Most payers offer these programs to employers, but about 40% of employers offering health benefits do not buy them. Many employers have only short-term relationships with their workforces and can’t make a business case for long-term investments. Other employers embrace these programs —ROI data or no — simply because they believe in them. And, of course, the scope and quality of some employers’ programs are often a function of the benefits they buy. To a large degree, you get what you pay for.
Compelling outcomes
Payers’ long-term bets are also based on evidence. Stronger evidence makes the potential ROI more believable, but consider the “evidence” manufacturers all too frequently offer up: a budget impact model fraught with questionable assumptions? It may not be worth the squeeze. Payers want real-world evidence. How about product launches based on intermediate outcomes? Manufacturers commonly design clinical trials with intermediate outcomes because it’s the expedient thing to do. But if a product lowers a patient’s cholesterol, that isn’t very meaningful to payers. If the same cholesterol-lowering drug is proven to decrease the risk of stroke or MI — now, that’s meaningful!
Long-term financial and clinical outcomes take much more time to measure and cost much more to obtain than what can be shown through modeling and intermediate outcomes. So, is it a payer’s failure to “get it”? Or a manufacturer’s failure to prove it?
Timeout
Despite the initial sticker shock and budget impact, payers understand the value proposition of direct-acting antivirals that cure hepatitis C: a very large short-term cost (the $100,000 cure) with commensurate long-term benefits (no half-million-dollar liver transplant). Finger pointing is not productive, but understanding the conditions under which payers make decisions can inform actions by policymakers, regulators, purchasers and manufacturers. If payers all made more long-term, upstream investments, then, in theory all should benefit. Sure, maybe some payers could or should do more. And maybe it is time to pay payers more to do more.

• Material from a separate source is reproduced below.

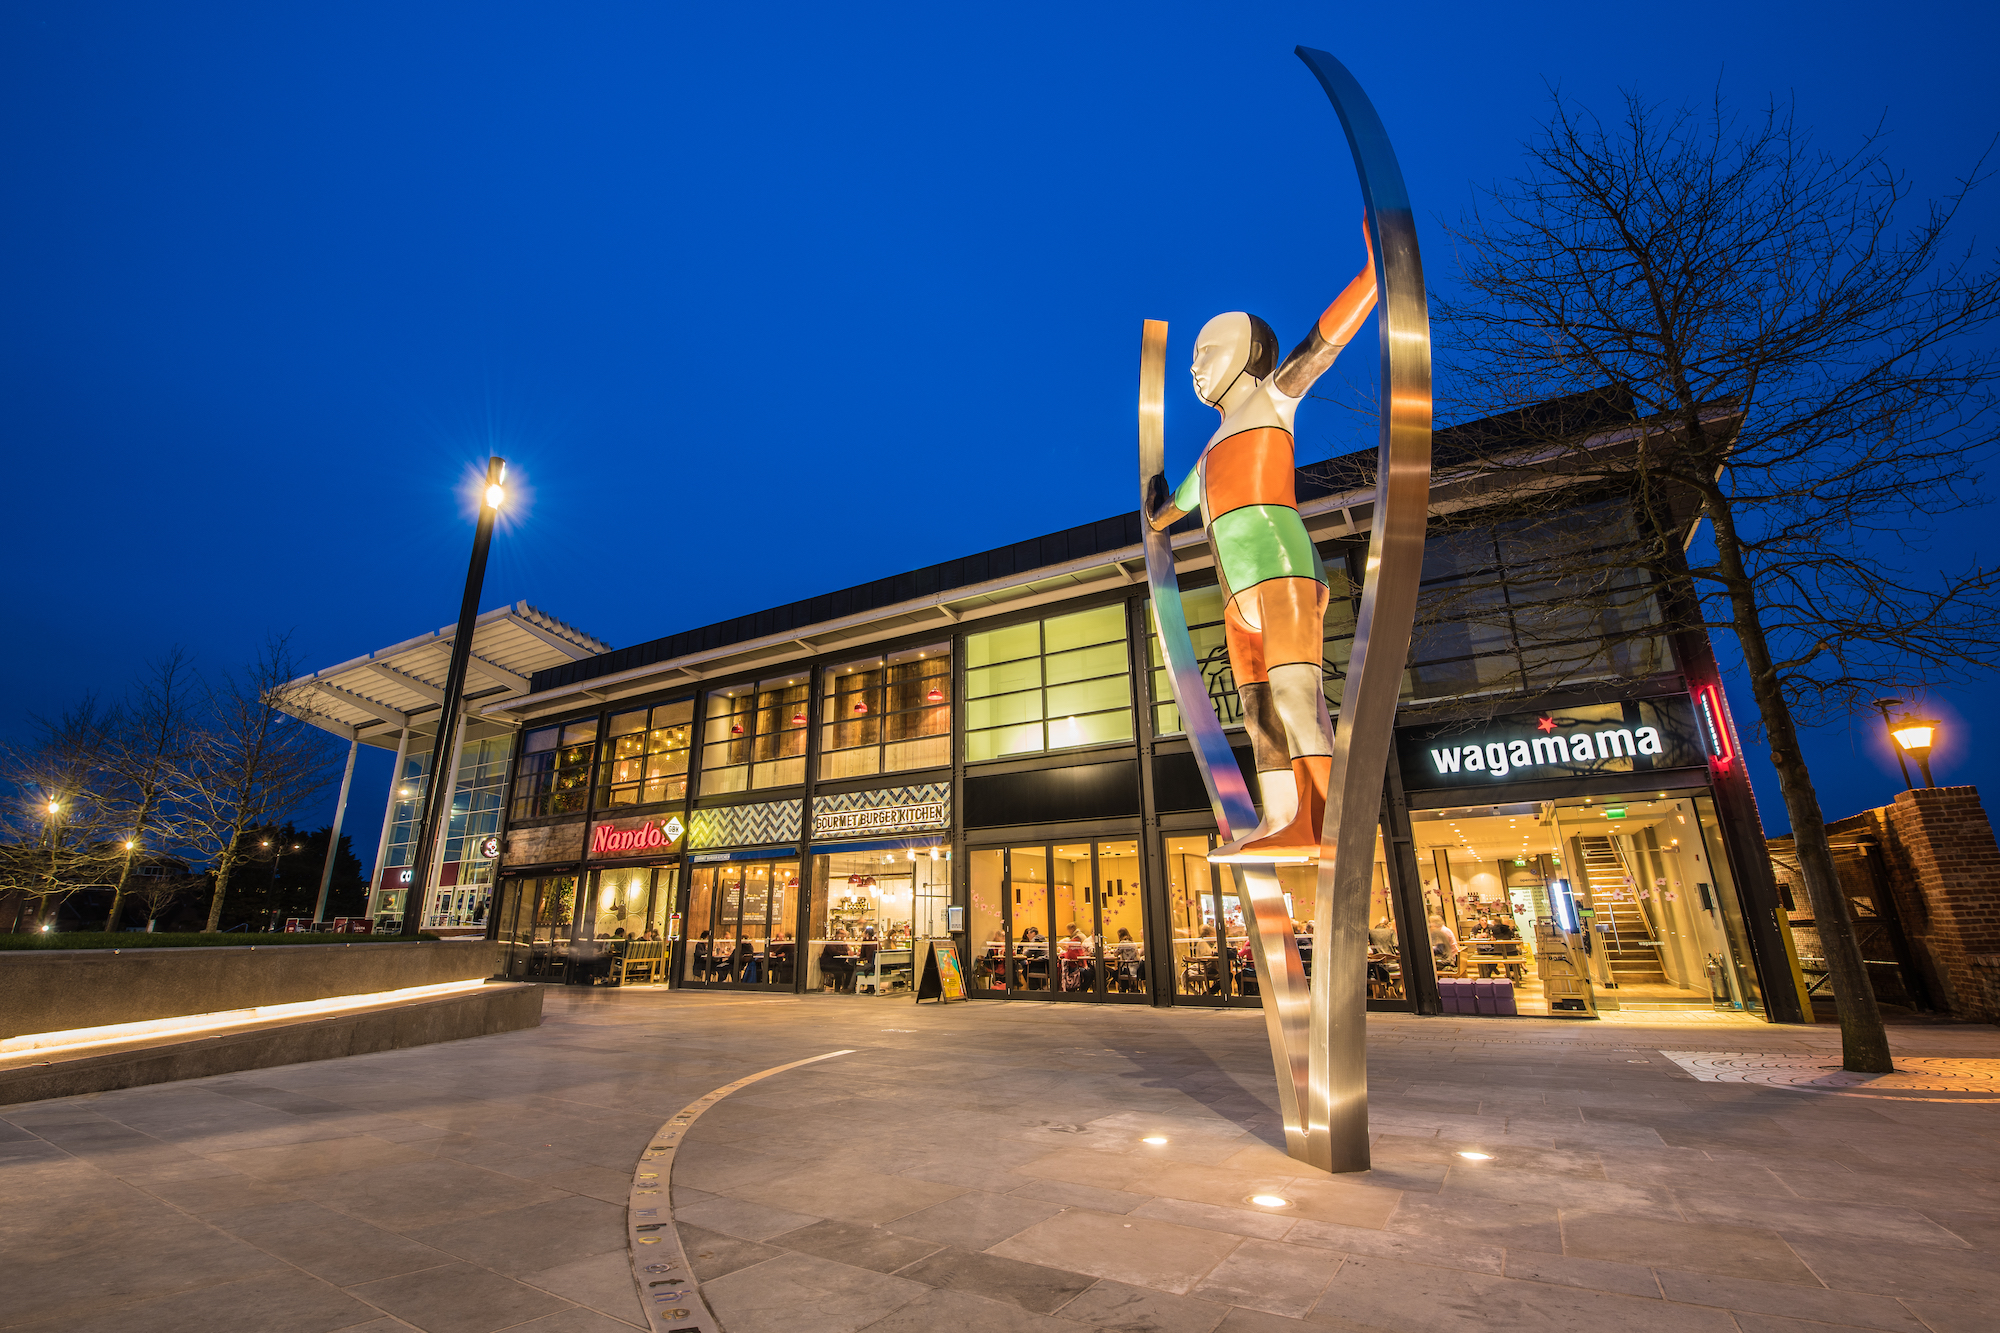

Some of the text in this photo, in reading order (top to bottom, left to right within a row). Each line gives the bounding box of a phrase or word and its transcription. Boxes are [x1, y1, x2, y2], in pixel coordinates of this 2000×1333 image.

A nuanced understanding of payers’ views on long-term outcomes has several implications for manufacturers. First and foremost, manufacturers should make greater investments in studies that demonstrate long-term outcomes. Manufacturers could then leverage the evidence when lobbying for laws and regulations that require coverage of their products, when attempting to induce employer demand for their products and supporting value-added programs, and when trying to optimize market access. And the endpoints used in these studies could support the development of valid performance measures associated with the use of their products. It’s time to think of payers as willing and able partners when pursuing long-term outcomes.